En la Historia muchas cosas no son solo cuestión de "verdad"
o "falsedad", sino de "aceptabilidad". Las sociedades
antiguas vivían bajo el yugo de los mitos y de sus intérpretes. Nosotros hemos
cambiado nuestros criterios y tenemos nuestros propios mitos, como el nacionalismo, las religiones, etc. que tienen sus
propios relatos que compiten por hacerse con la centralidad social.
Nuestro mundo es y será un escenario permanente de
conflictos. Ya tenemos una guerra abierta por la información que nos permite
comprender el mecanismo en su plenitud. Se produce con una intensidad
desconocida porque nunca habíamos tenido una cobertura global de la información.
El fenómeno del "para quién" había tenido dimensión local. Pero la
Historia misma nos muestra la ampliación tecnológica para la dispersión de los
discursos. Desde la localidad oral hemos llegado, a través de los siglos, a la simultaneidad
global, a la deslocalización de los discursos que se han vuelto
"líquidos" en un mundo fáustico. Velocidad frente a profundidad,
dispersión frente a concentración.
Me gustaría introducir aquí otras palabras de Michael
Ignatieff, las últimas, describiendo el mundo en el que nos encontramos:
«Vivimos
la mayor revolución tecnológica desde Gutenberg, tenemos la Biblioteca de
Alejandría en nuestros bolsillos. Esta emancipación de la información es algo
inédito y debería fortalecer la democracia, hacer a la gente más sabia y que
nuestras conversaciones fueran más inteligentes, debería ser algo maravilloso.
Pero lo que ha generado es una furia incandescente contra quienes tenían el
monopolio del conocimiento, incluidas las universidades y la prensa. Hay quien
dice: "Si tengo el conocimiento en mi teléfono, ¿por qué crees que tienes
derecho a decirme lo que es verdad o correcto?". Parte de este
cuestionamiento me parece bien, pero las universidades son absolutamente vitales
como guardianas de la distinción entre rumores, paranoias, fantasías y noticias
falsas.»*
Universidades y prensa forman parte de la producción
de los discursos que dan sentido a la realidad.

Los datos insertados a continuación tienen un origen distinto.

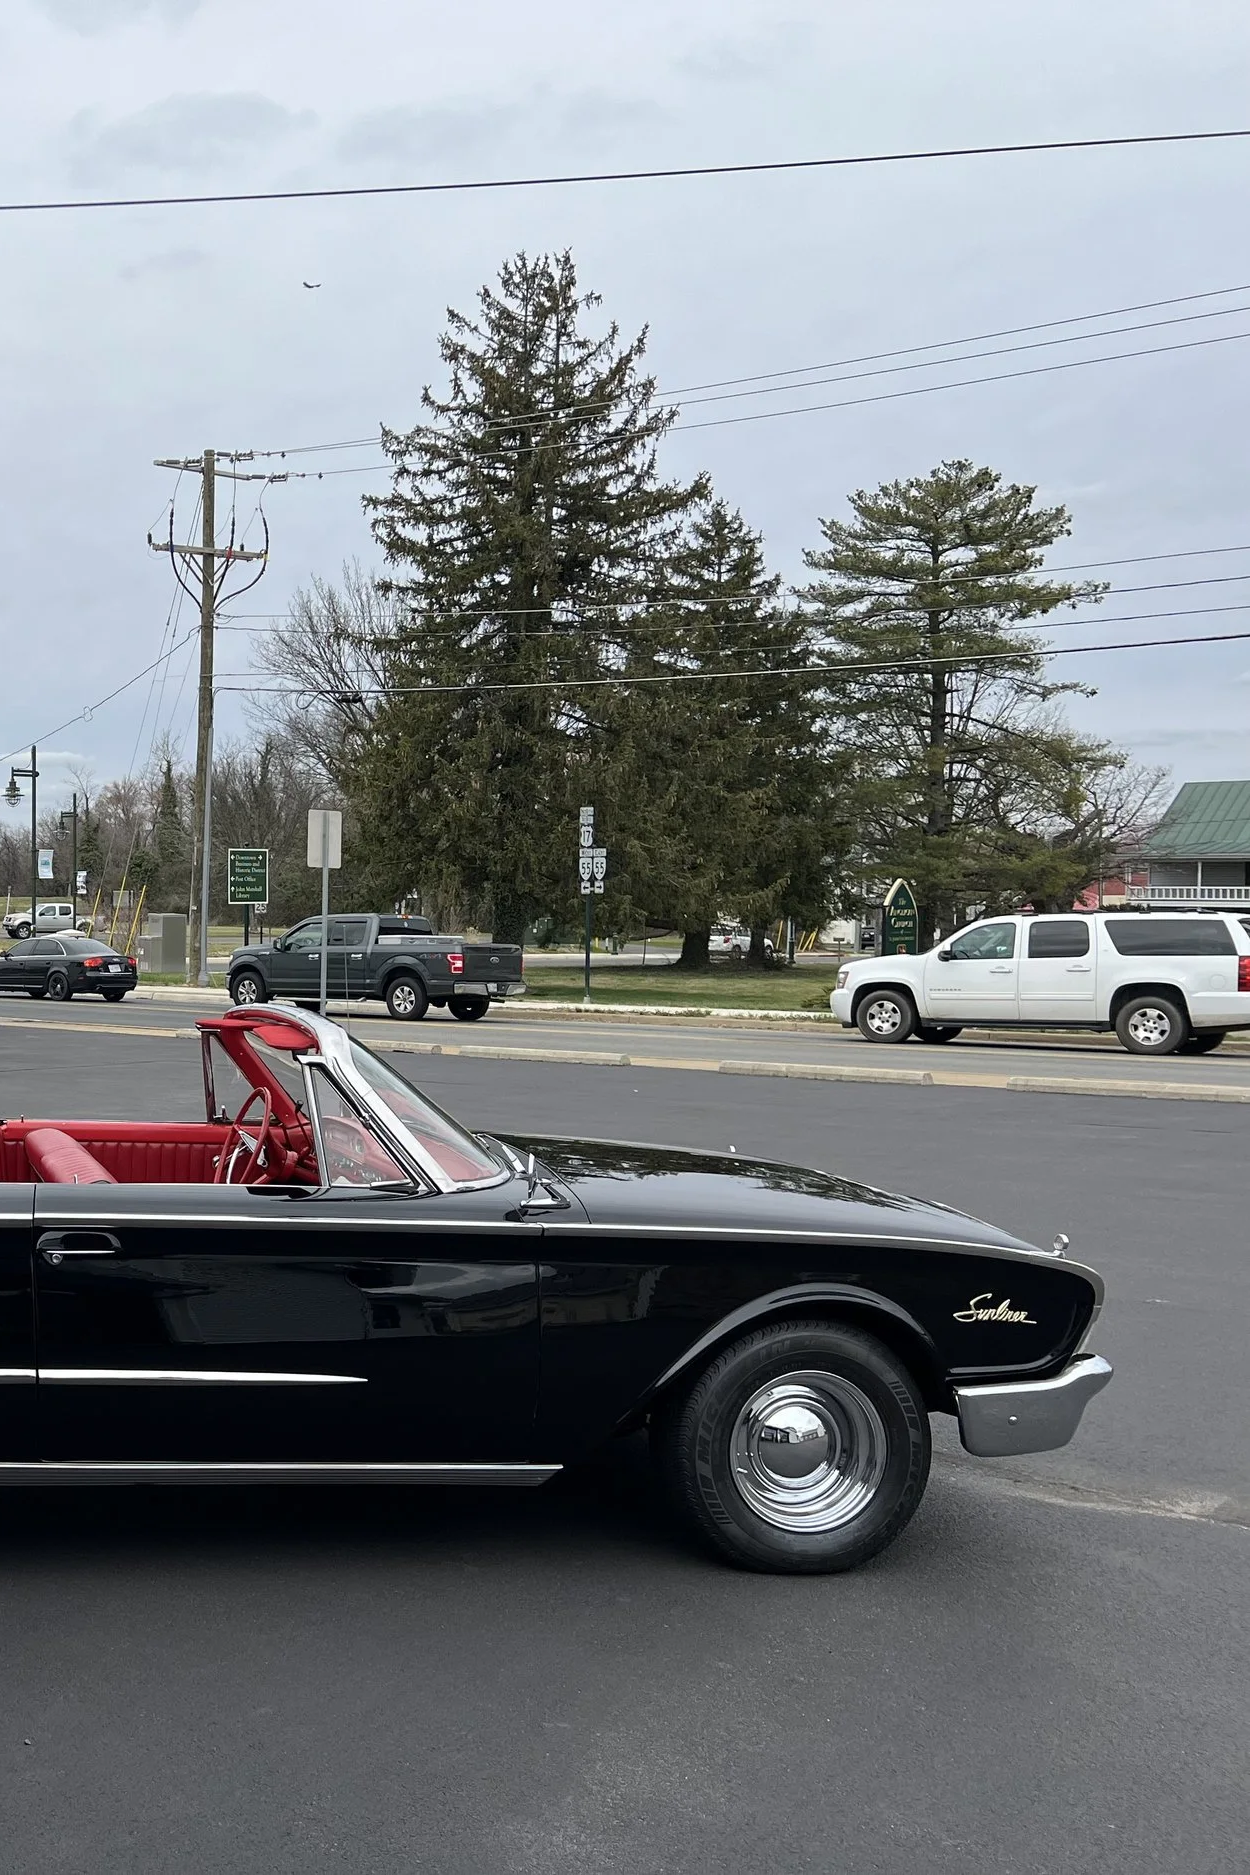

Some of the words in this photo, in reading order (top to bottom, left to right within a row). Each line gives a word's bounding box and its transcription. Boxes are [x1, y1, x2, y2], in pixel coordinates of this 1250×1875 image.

[583, 831, 591, 843] 17
[582, 863, 591, 875] 55
[595, 862, 605, 874] 55
[255, 904, 267, 912] 25
[953, 1293, 1037, 1324] Sunliner

La idea de "monopolio del
conocimiento" es relativa e histórica, producida por el devenir y la
emancipación de las instituciones anteriores, cuyo monopolio era dogmático. La
Ciencia se emancipa de las religiones, que detentaban los mecanismos dogmáticos
que producían los discursos de sentido y explicaban la Historia. Todo estaba
subordinado a ellos.
Las universidades suponen una forma de emancipación
del conocimiento respecto al dogma centralizado. El conocimiento se fundamenta en
principios provisionales y no dogmáticos, autocríticos y formando parte de un
debate abierto en la comunidad.
La prensa supone la irrupción de la "opinión
pública" frente a la más elitista "república de las letras". No
es casual el efecto interactivo entre opinión pública y la emancipación
política que surge al hilo ilustrado de las revoluciones. Por eso la libertad
de prensa y expresión son garantías de la apertura del diálogo social frente al
verticalismo dogmático que tiende a imponer silencio reverencial.

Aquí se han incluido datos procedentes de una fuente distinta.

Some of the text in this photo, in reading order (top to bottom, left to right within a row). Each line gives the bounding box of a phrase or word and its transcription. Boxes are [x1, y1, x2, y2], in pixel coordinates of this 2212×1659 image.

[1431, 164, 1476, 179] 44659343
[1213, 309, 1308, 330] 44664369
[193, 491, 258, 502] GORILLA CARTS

La armonía social se debería producir allí donde
existe la libertad de dialogo, en donde el conocimiento surge de la crítica y
es transferido a la sociedad que lo recibe para ampliar el debate y mejorar la
cultura. Sin embargo, poco tiene que ver este planteamiento idílico con la
"furia incandescente" de la que habla Ignatieff contra el
conocimiento que fluye desde las instituciones que tienen la función de busca y
construcción.
Hoy
vivimos en el reino de la confusión sistemática, estrategia usada para
subvertir el orden social. La duda sobre todo arrastra hacia el dogma como
refugio.
El
llamamiento de 600 rectores a hacer que las universidades regresen a su función
producir personas pensantes y dejen de centrarse en la empleabilidad considerada como mera formación para el trabajo, un
trabajo en el que cada vez es menos necesaria la inteligencia a la luz de los
avances en la automatización y en la IA. El mundo sin pensamiento crítico es una
mezcla extraña de fábrica y juego infantil impulsivo y caótico.
¿Cómo
se para esta tendencia al caos y al enfrentamiento, está violencia que nos devuelve
al dogma y al autoritarismo? La respuesta es muy compleja que es la forma
actual de decir que lo desconocemos. Como en todo sistema, debemos trabajar en
la estabilidad y no en lo contrario. Algunos predican la necesidad del caos
para que de las cenizas surja un orden nuevo. Pero puede que de las cenizas no
quede nada que surgir.
¿Se
puede vivir sin verdades eternas? Quizá se trate de vivir con una combinación
pragmática de conocimiento provisional y deseo de mejorarlo, es decir, valorando
lo que sabemos a sabiendas de que pronto será insuficiente. Quizá no tengamos
que buscar la eternidad, que
pertenece a otros metarrelatos, y sea más importante pacificar nuestro presente. Pero
mucho me temo que no sea eso lo que tenemos por delante. La paradoja señalada por Ignatieff es que cuando más información tenemos, más divergencias se producen. Es la confusión de los discursos, el Babel informativo. No es el primero que lo nota. Eso nos responsabiliza más a las dos
instituciones mencionadas: universidad (educación) y medios (opinión pública).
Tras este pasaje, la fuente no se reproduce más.